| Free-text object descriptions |

%%

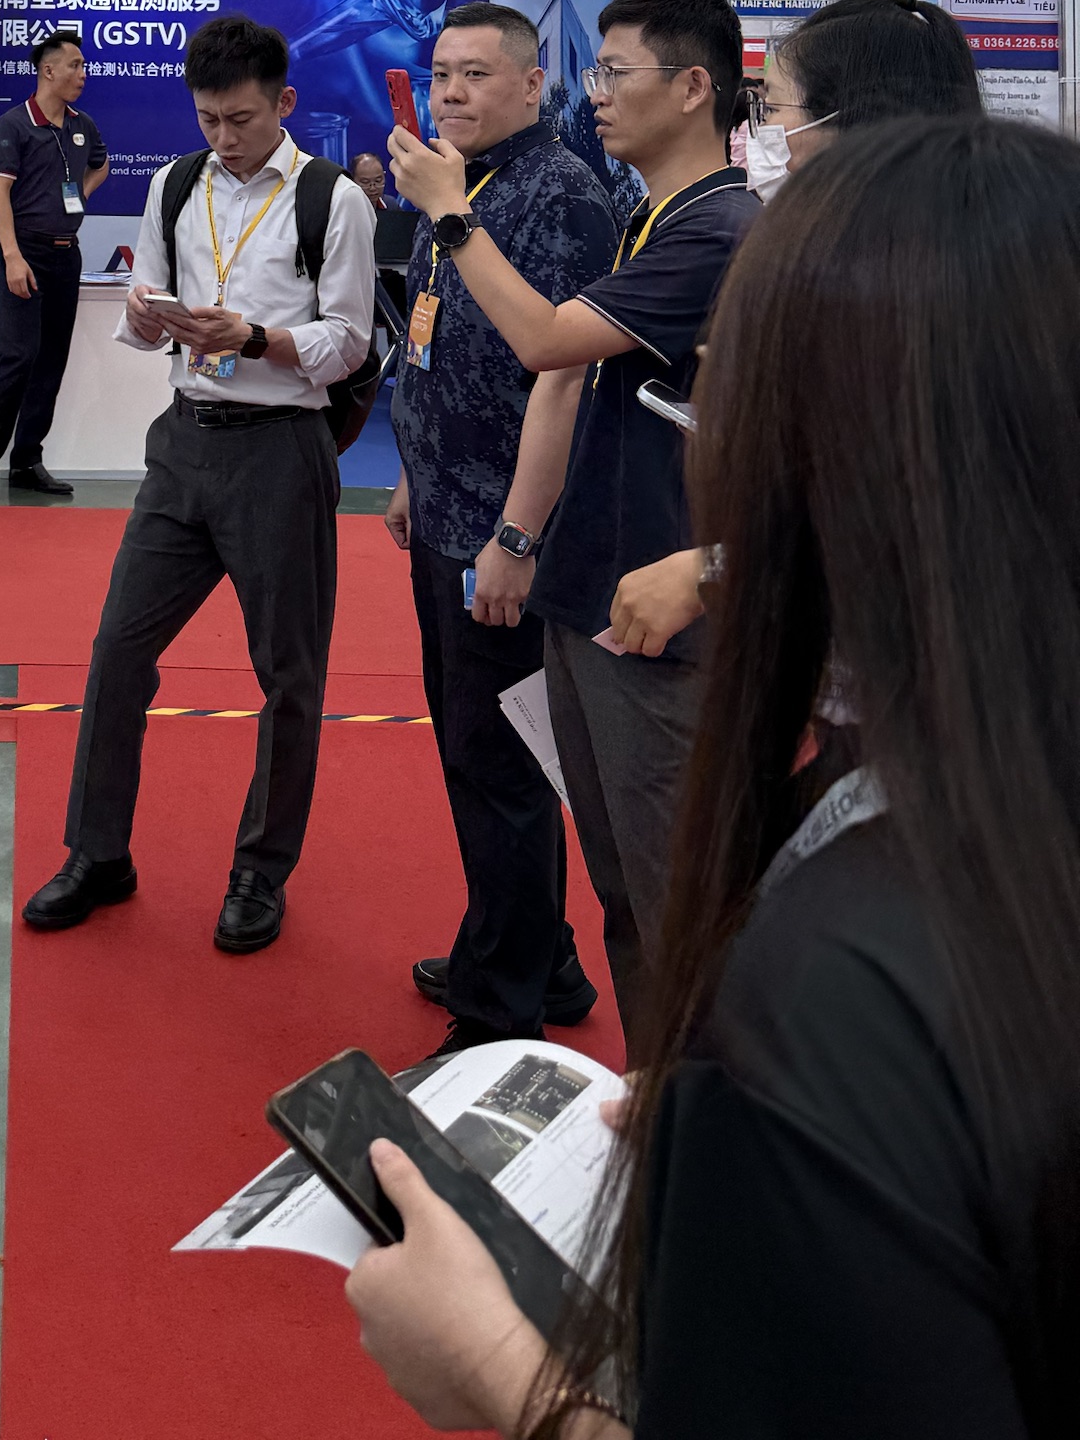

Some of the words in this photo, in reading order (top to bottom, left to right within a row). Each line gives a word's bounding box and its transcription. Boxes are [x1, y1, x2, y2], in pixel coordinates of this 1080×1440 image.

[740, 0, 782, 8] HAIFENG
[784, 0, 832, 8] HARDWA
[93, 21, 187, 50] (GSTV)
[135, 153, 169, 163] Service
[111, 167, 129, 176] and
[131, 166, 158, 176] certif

%%

| What you need to do |
Write the entries above out again exactly, omitting each image.

| Response box |
Some of the words in this photo, in reading order (top to bottom, left to right within a row). Each line gives a word's bounding box and its transcription. Boxes are [x1, y1, x2, y2], in pixel coordinates of this 1080×1440 image.

[740, 0, 782, 8] HAIFENG
[784, 0, 832, 8] HARDWA
[93, 21, 187, 50] (GSTV)
[135, 153, 169, 163] Service
[111, 167, 129, 176] and
[131, 166, 158, 176] certif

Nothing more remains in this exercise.